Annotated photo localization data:
╔══

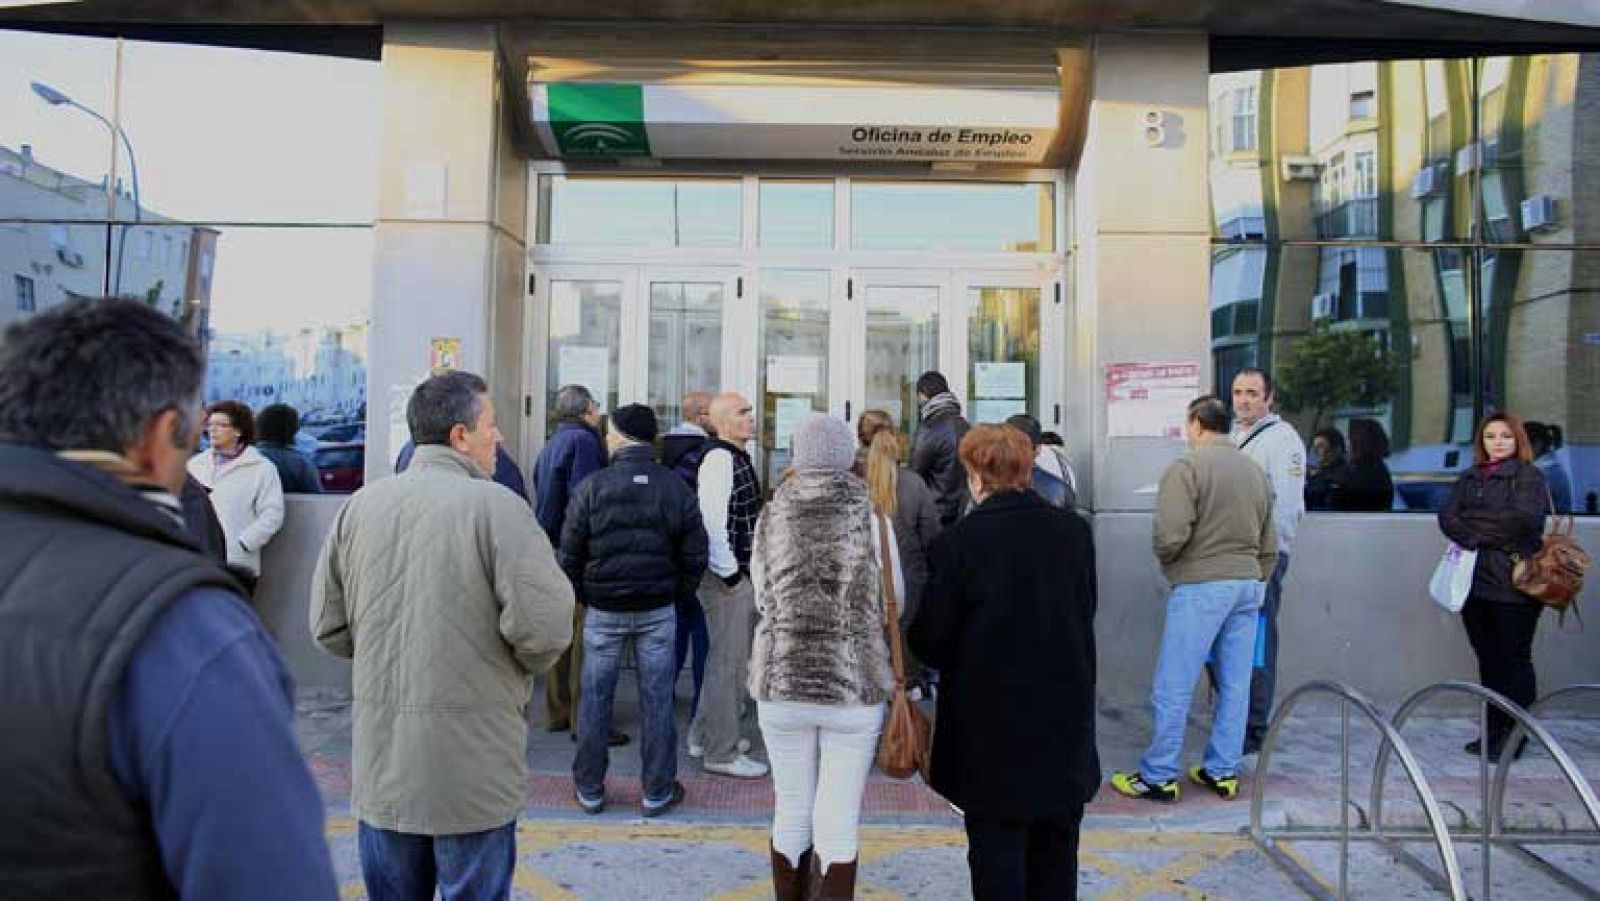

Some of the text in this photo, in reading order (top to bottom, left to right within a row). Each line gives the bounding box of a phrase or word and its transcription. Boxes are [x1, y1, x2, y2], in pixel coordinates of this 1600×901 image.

[851, 126, 1033, 147] Oficina de Empleo
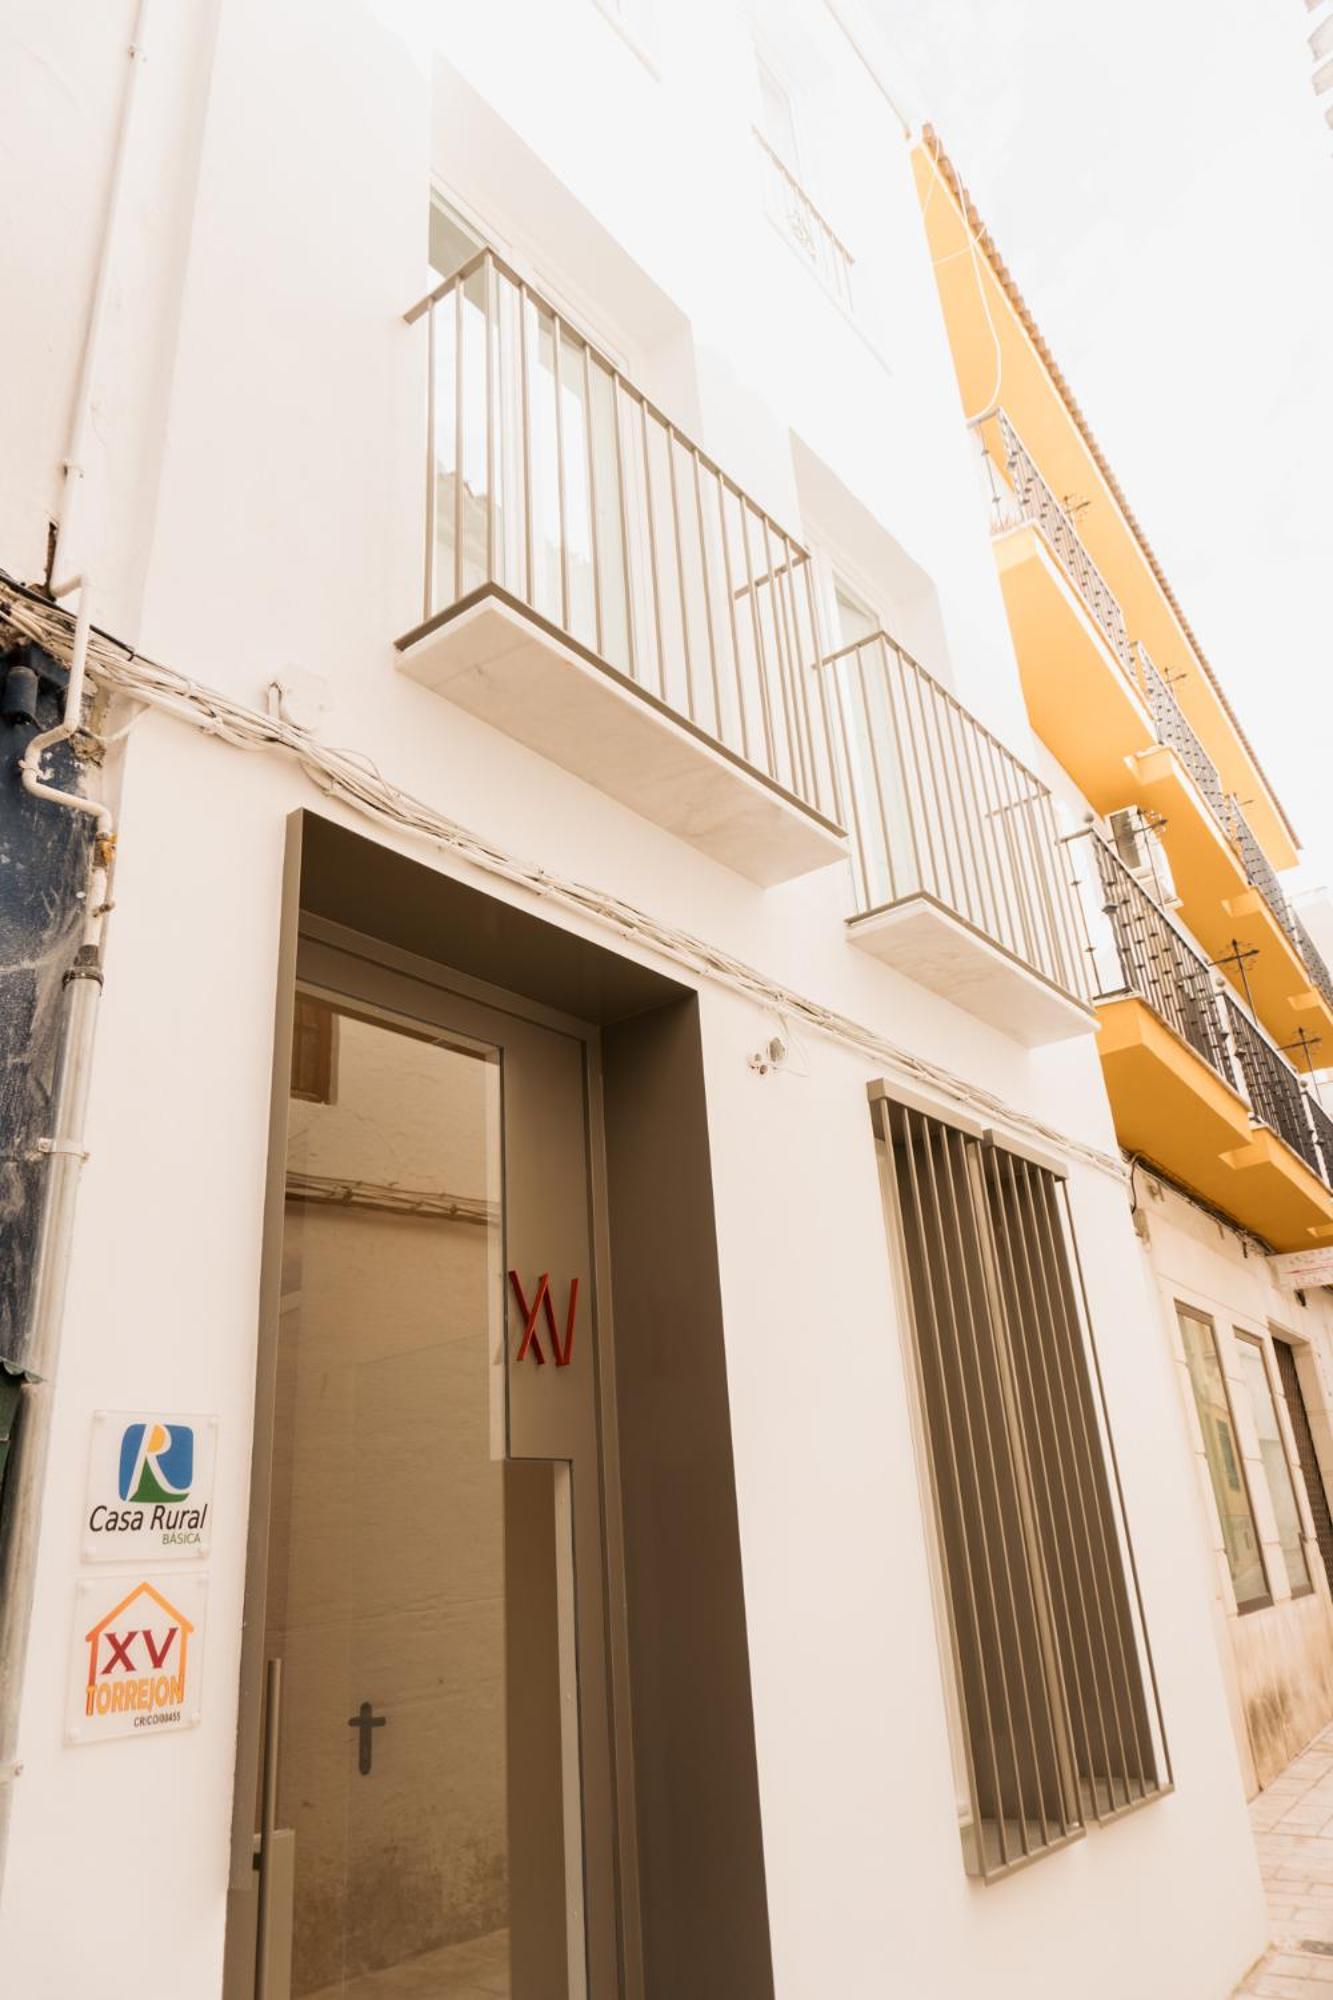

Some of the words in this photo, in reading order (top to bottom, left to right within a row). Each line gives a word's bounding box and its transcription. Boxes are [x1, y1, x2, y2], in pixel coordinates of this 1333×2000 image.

[508, 1269, 579, 1367] XV
[89, 1505, 144, 1532] Casa
[150, 1503, 208, 1530] Rural

╚══

● **WHAT IS NEEDED**
Only the text of the records belongs in your answer, copied exactly as it appears above.

● **WRITTEN SOLUTION**
Some of the text in this photo, in reading order (top to bottom, left to right within a row). Each line gives the bounding box of a phrase or word and its transcription. Boxes are [x1, y1, x2, y2], in pixel coordinates of this 1600×901 image.

[851, 126, 1033, 147] Oficina de Empleo

Some of the words in this photo, in reading order (top to bottom, left to right within a row). Each line gives a word's bounding box and its transcription. Boxes are [x1, y1, x2, y2], in pixel coordinates of this 1333×2000 image.

[508, 1269, 579, 1367] XV
[89, 1505, 144, 1532] Casa
[150, 1503, 208, 1530] Rural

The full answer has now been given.